Problem description:
Would you output the following records verbatim and skip the images in them?

(Entries taken from a collection)
· · · · ·

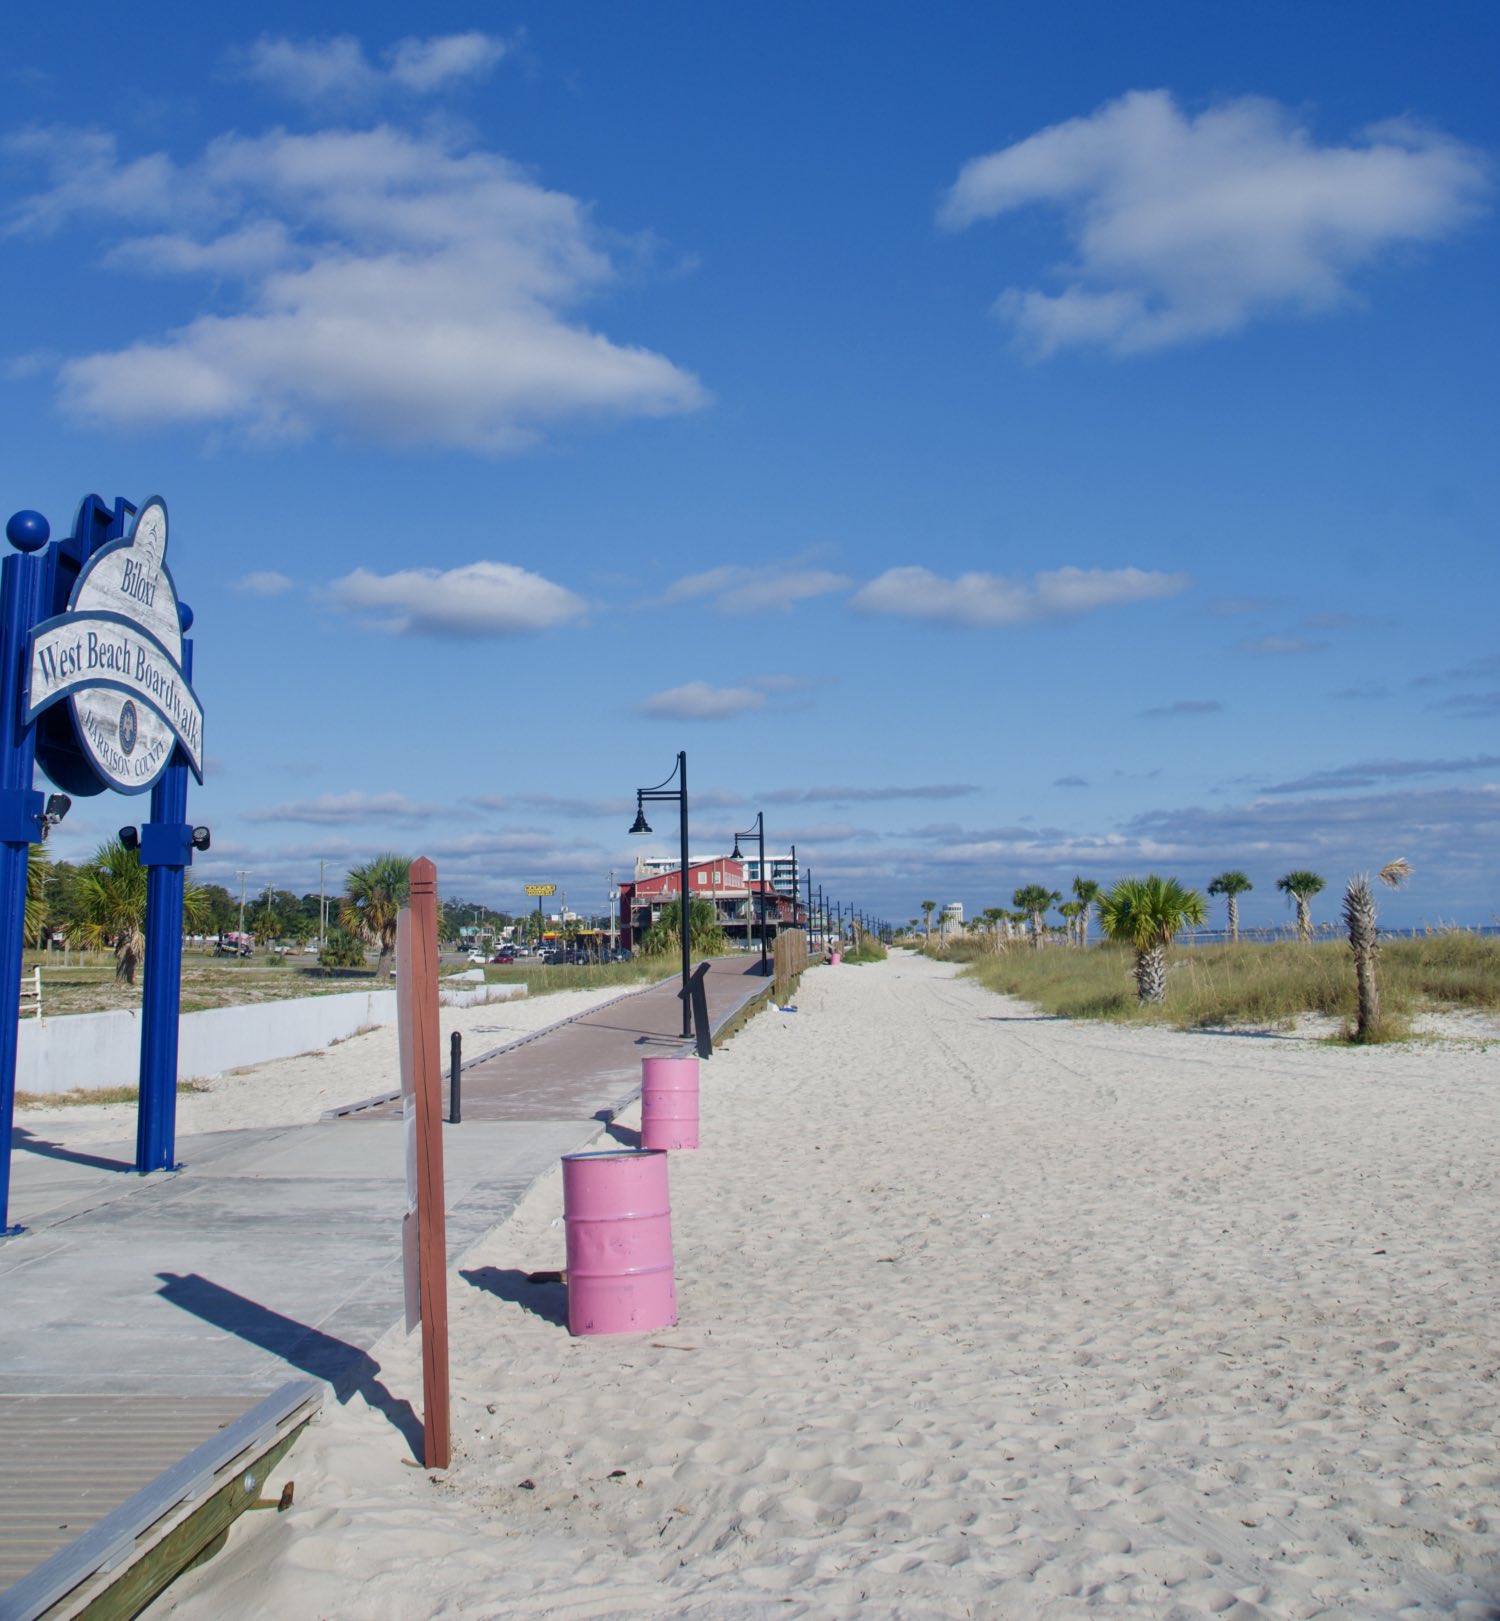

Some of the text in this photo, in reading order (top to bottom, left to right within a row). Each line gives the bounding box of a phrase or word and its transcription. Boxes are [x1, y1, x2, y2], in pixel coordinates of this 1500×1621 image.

[120, 558, 158, 607] Biloxi
[38, 636, 82, 686] West
[87, 631, 131, 674] Beach
[134, 645, 200, 751] Boardwalk
[84, 710, 131, 776] HARRISON
[134, 741, 165, 777] COUNTY

· · · · ·

Exercise answer:
Some of the text in this photo, in reading order (top to bottom, left to right within a row). Each line gives the bounding box of a phrase or word and its transcription. Boxes are [x1, y1, x2, y2], in pixel coordinates of this 1500×1621 image.

[120, 558, 158, 607] Biloxi
[38, 636, 82, 686] West
[87, 631, 131, 674] Beach
[134, 645, 200, 751] Boardwalk
[84, 710, 131, 776] HARRISON
[134, 741, 165, 777] COUNTY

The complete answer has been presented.